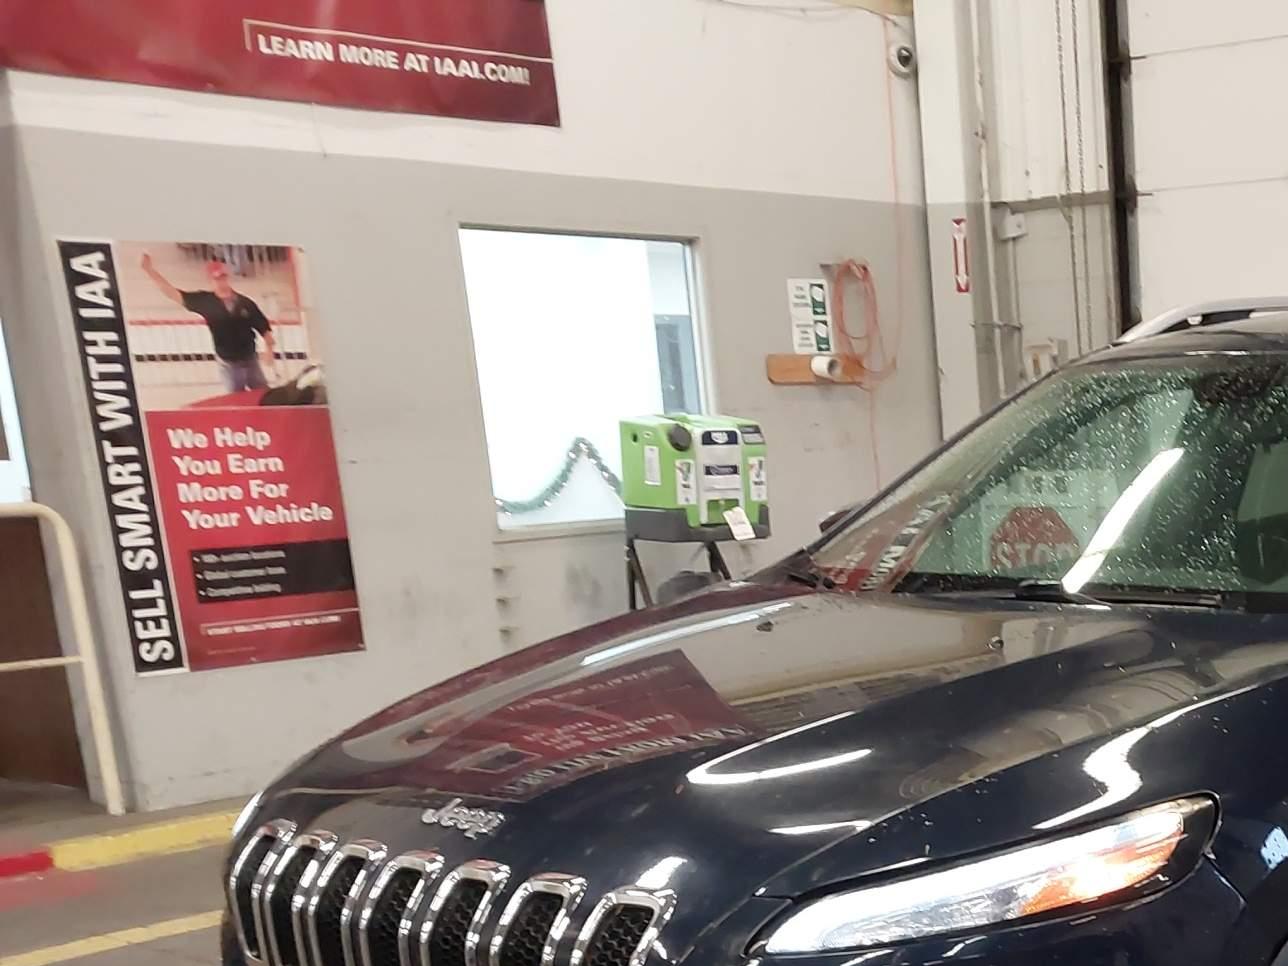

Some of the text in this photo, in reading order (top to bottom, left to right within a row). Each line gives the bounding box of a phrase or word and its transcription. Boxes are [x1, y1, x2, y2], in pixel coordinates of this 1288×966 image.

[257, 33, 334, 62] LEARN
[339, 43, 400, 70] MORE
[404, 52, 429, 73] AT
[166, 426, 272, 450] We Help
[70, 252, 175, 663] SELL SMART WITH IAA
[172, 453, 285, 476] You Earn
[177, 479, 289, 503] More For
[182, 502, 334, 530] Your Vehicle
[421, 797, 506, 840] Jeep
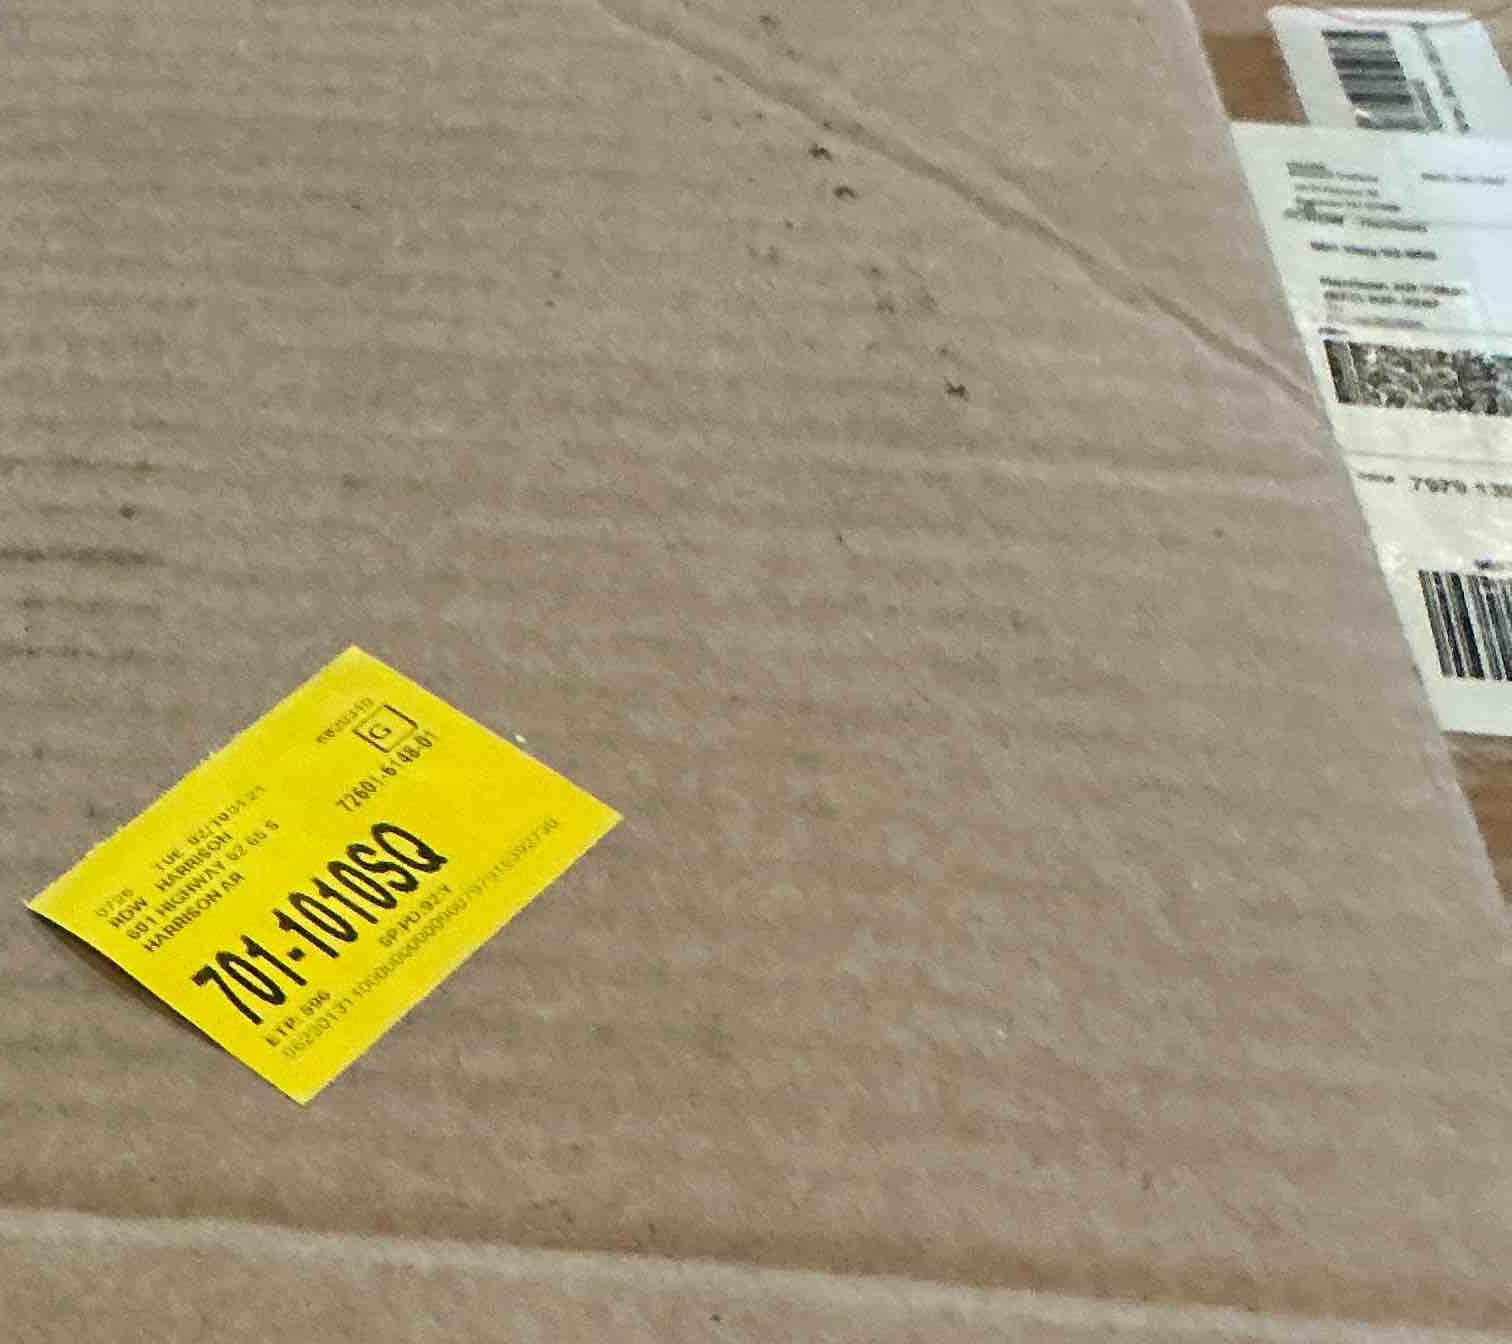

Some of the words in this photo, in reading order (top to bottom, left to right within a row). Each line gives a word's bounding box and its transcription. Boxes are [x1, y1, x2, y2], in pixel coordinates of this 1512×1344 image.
= = = =
Each record above is to be returned unchanged, while any picture it holds stays out.

Some of the text in this photo, in reading order (top to bottom, left to right within a row). Each line gives the bounding box of a phrase or word and its transcription. Boxes are [x1, y1, x2, y2], in pixel coordinates of this 1288×966 image.

[257, 33, 334, 62] LEARN
[339, 43, 400, 70] MORE
[404, 52, 429, 73] AT
[166, 426, 272, 450] We Help
[70, 252, 175, 663] SELL SMART WITH IAA
[172, 453, 285, 476] You Earn
[177, 479, 289, 503] More For
[182, 502, 334, 530] Your Vehicle
[421, 797, 506, 840] Jeep

Some of the words in this photo, in reading order (top to bottom, left to right within a row). Each line gives a word's bounding box and its transcription. Boxes are [x1, y1, x2, y2], in pixel coordinates of this 1512×1344 image.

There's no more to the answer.